Given the ‘allergies’ and ‘hyper-sensitivity’ of people at that time to the Church, Marist ministry was to assume a ‘hidden and unknown’, self-emptying approach to people. Nothing within them is to be an obstacle to ‘winning-over’ people to Christ. Marists are to be especially ‘instruments of mercy’ to those most struggling and in need.

To do all this effectively, Marists need to create space within themselves for God by saying NO to pride, greed and power. In this way too, their lives alone are to be a real witness to Christ and to the power of the Gospel.

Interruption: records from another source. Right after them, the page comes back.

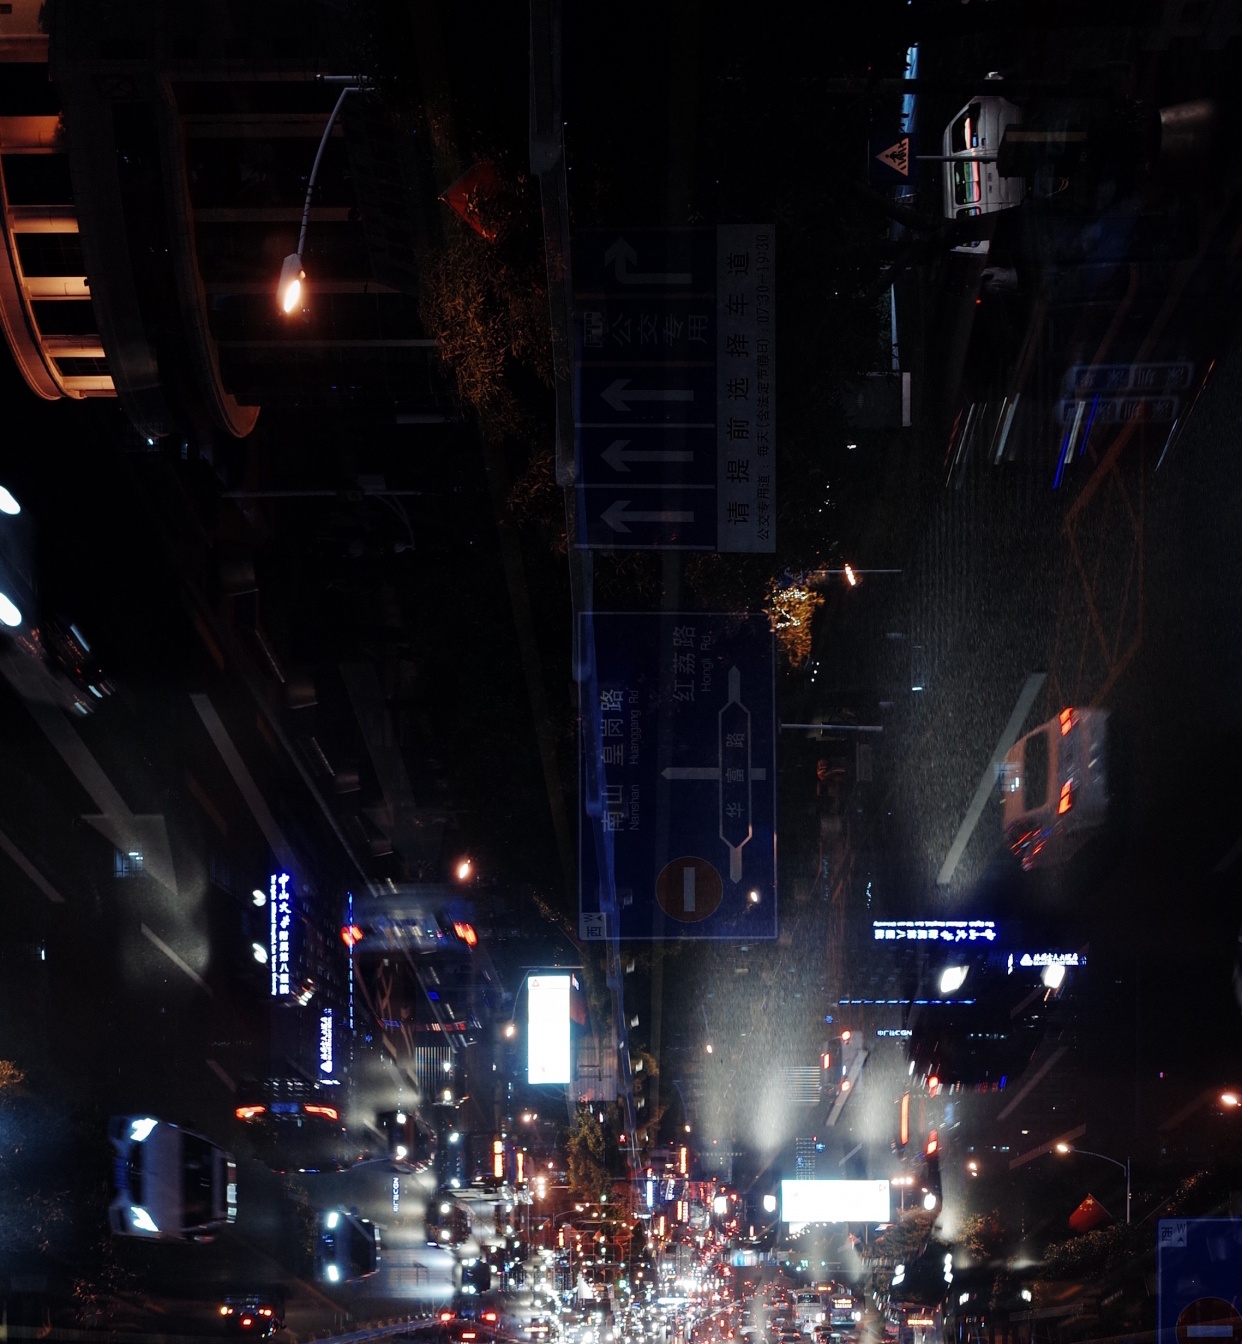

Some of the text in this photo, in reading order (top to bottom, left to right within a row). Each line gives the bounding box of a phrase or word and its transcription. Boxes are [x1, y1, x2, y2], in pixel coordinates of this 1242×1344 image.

[611, 313, 709, 346] 公交专用
[726, 252, 749, 524] 请提前选择车道
[672, 625, 696, 702] 红荔路
[701, 658, 713, 691] Hongli
[600, 689, 624, 831] 南山 皇岗路
[628, 690, 641, 830] Nanshan Huanggang Rd
[726, 732, 745, 818] 华富路
[584, 914, 602, 937] 西 W

For the shy young Jean-Claude, living out what he felt he was inspired to write led to personal transformation. Mary’s way of living the Gospel also saw him tasting God’s presence and action in what he later described as six years of extreme sweetness. The proposed Society of Mary, “her work,” was intended by God and was more than capable of producing real fruit in the lives of ordinary people.

A Prayer to Mary

Mary, help me let Jesus have His way completely in my heart, ‘til I reproduce towards Him your attitude of soul in unresisting love that sings, ‘Be it done unto me according to your Word.’

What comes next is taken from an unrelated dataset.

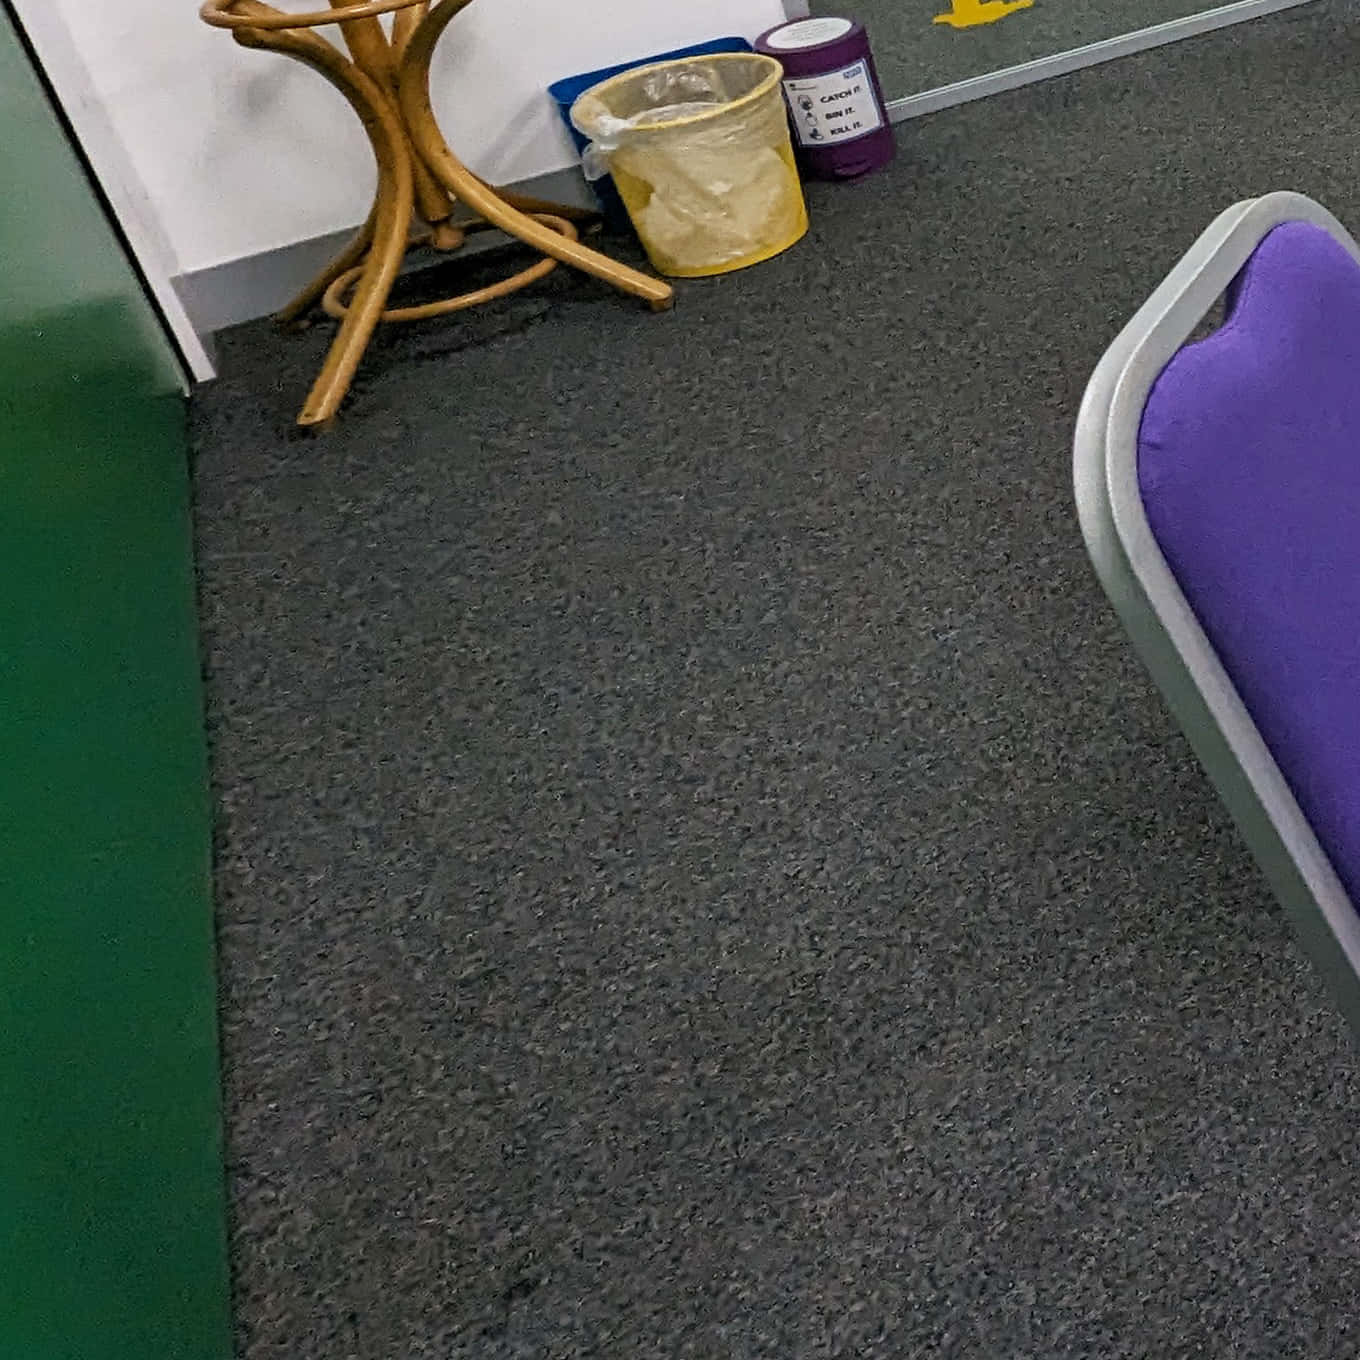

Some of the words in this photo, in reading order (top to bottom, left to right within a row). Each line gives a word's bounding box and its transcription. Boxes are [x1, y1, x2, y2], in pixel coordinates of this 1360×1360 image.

[820, 88, 852, 103] CATCH
[825, 110, 844, 121] BIN
[830, 126, 852, 137] KILL

O Mary, teach me your approach to Jesus till I feel at home with Him within my soul and love his presence there; ‘The Lord is with you’,
Mary, may He also be with me.

An historical extract

“At the start of our enterprise, things were very hazy. The whole of creation was against us, we lacked every-thing. We had to rely on God alone; there was only Him. On the other hand, I felt impelled to this work, not by the ardor of youth, but by an impulse that I felt came from above. It was that which gave me the habit of praying always and for everything.” Fr. Jean-Claude Colin

A Contemporary Marist Writes:

“These first Marists were young and inexperienced when they started. They lacked information, finance or contacts in high places. Colin was always stressing the importance of inner, spiritual life, but he also said, ‘We did not build the Society on our knees.’ Champagnat, recalling the grinding labour of the early days declared: ‘We built the Society, literally with our hands!’ The Sisters had sometimes to eke out a living by what was simply sweated labour. Yet all were buoyed up by an immense confidence, the mad trust of the saints they were becoming, in a call to further ‘the work of Mary’, as they called it.” Denis Green, A Special Presence, p.5


1. “To win people to Christ.”

Do you feel called to do this as one who was made a priest, prophet & king by your Baptism? 

2. Where in fact in your life are you already witnessing to Christ? In what sense does the Gospel ‘have power’ for you?

3. To ‘taste God’. What do you make of that phrase? Does it appeal to you in any way?